Mr. Ireland had been informed that many papers had been removed from Shakspeare's house in Stratford at the time of the fire, to this house; and on inquiring if any such had ever been seen, the proprietor made this answer, "By G—d, I wish you had arrived a little sooner! Why, it isn't a fortnight since I destroyed several basketsful of letters and papers, in order to clear a chamber for some young partridges which I wish to bring up alive; and as to Shakspeare, why there were many bundles with his name wrote upon them. Why, it was in this very fire-place I made a roaring bonfire of them.”
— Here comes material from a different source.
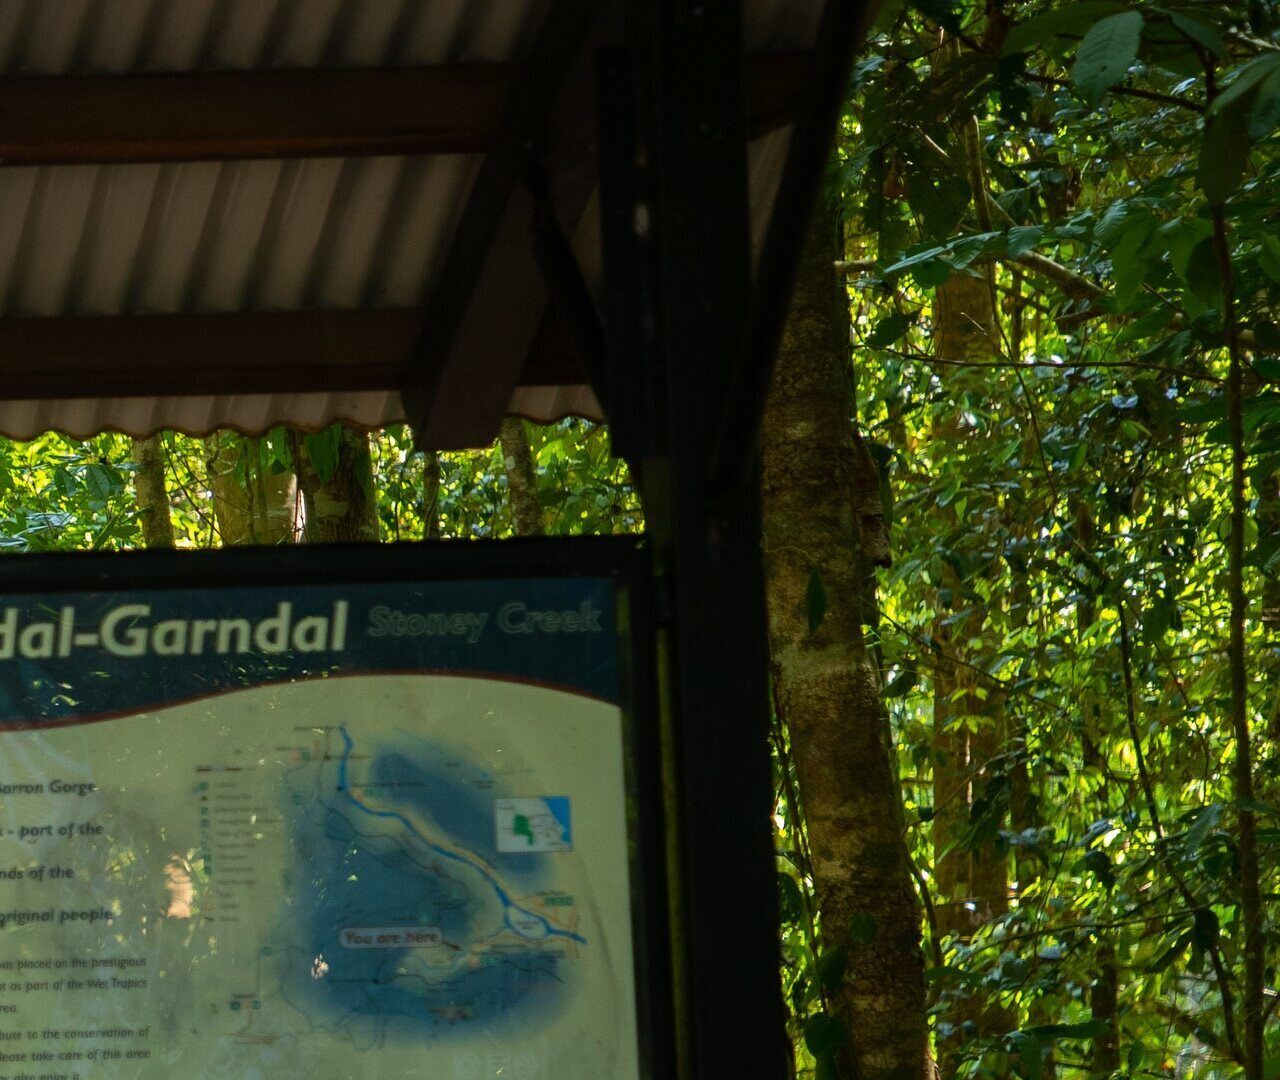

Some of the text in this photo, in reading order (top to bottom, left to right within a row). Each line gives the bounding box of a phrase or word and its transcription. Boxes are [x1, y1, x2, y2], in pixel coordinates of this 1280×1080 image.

Mr. Ireland listened to this relation with feelings not to be described, and, starting from his chair, exclaimed, "My God! sir, you are not aware of the loss which the world has sustained. Would to heaven I had arrived sooner!" Williams, the then proprietor, called his wife, who made the same statement, and

lanterns were lighted, and the dark rooms of the house examined, but nothing further of the kind found. How far this story is true, considering the fabulating character of the younger Ireland, may be left to the faith of the reader, especially as the father, in his account of his visit, is silent on so remarkable a circumstance.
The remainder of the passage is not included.